Il la baisa au front.

— Comme voilà longtemps que je ne vous ai vue ! Venez qu’on vous admire. Tu es belle. Quand je suis loin de toi, il me semble que je suis loin de ma vie.

Merizette se dégagea, et marcha la première.

— Barraton est acquitté ; je m’y attendais. Tu n’as pas l’air d’en être satisfaite ?

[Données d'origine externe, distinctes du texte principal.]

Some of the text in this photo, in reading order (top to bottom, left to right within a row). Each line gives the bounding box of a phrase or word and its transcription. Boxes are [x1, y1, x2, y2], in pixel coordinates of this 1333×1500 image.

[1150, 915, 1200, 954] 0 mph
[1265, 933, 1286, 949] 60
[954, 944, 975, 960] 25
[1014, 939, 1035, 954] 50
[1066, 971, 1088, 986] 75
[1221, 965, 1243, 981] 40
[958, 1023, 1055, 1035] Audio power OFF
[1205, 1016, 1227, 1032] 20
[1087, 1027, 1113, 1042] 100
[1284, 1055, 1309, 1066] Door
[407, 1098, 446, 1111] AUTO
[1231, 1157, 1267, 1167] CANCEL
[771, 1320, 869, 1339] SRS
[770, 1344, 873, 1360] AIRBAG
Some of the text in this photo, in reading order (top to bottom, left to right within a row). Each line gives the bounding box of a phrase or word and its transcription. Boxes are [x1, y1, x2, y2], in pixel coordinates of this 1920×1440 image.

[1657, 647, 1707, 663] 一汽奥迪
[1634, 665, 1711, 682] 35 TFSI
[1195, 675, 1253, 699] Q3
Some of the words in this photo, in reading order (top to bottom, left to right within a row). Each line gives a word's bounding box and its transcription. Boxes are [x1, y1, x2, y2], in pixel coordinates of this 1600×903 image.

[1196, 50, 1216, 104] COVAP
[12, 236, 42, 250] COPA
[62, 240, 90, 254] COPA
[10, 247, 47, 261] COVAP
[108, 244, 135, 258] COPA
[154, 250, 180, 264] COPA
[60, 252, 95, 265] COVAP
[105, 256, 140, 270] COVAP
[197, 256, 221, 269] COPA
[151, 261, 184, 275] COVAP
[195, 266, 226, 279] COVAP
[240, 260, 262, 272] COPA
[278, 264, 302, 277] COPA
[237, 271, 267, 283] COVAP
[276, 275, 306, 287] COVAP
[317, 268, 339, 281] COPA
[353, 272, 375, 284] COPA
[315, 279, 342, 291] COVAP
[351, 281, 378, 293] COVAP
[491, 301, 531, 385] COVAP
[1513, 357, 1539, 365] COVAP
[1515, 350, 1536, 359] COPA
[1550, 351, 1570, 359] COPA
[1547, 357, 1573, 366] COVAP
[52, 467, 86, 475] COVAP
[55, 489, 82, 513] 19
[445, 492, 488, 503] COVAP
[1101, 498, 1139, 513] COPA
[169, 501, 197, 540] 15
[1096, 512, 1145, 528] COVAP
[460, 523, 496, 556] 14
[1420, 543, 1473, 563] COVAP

— Si, mais veux-tu que je danse ?

— Et Georges ?

Elle était plus embarrassée qu’elle n’avait prévu : cette faiblesse l’offusqua.

— Je ne sais où il est. Je ne l’ai pas revu depuis… plusieurs heures.

— C’est étrange. Vous êtes-vous encore querellés ?

— Querellés ?… Oh, non.

— Il est dans sa chambre ?

— J’en doute. Vois, si cela te plaît.

Pierre alla, et ouvrit la porte : le soir était tombé dans cette pièce grise, où les étoffes pendantes et les meubles rangés s’immobilisaient dans la pénombre, rigidement, avec l’air d’abandon, la tristesse immuable des choses qui ne sont plus touchées.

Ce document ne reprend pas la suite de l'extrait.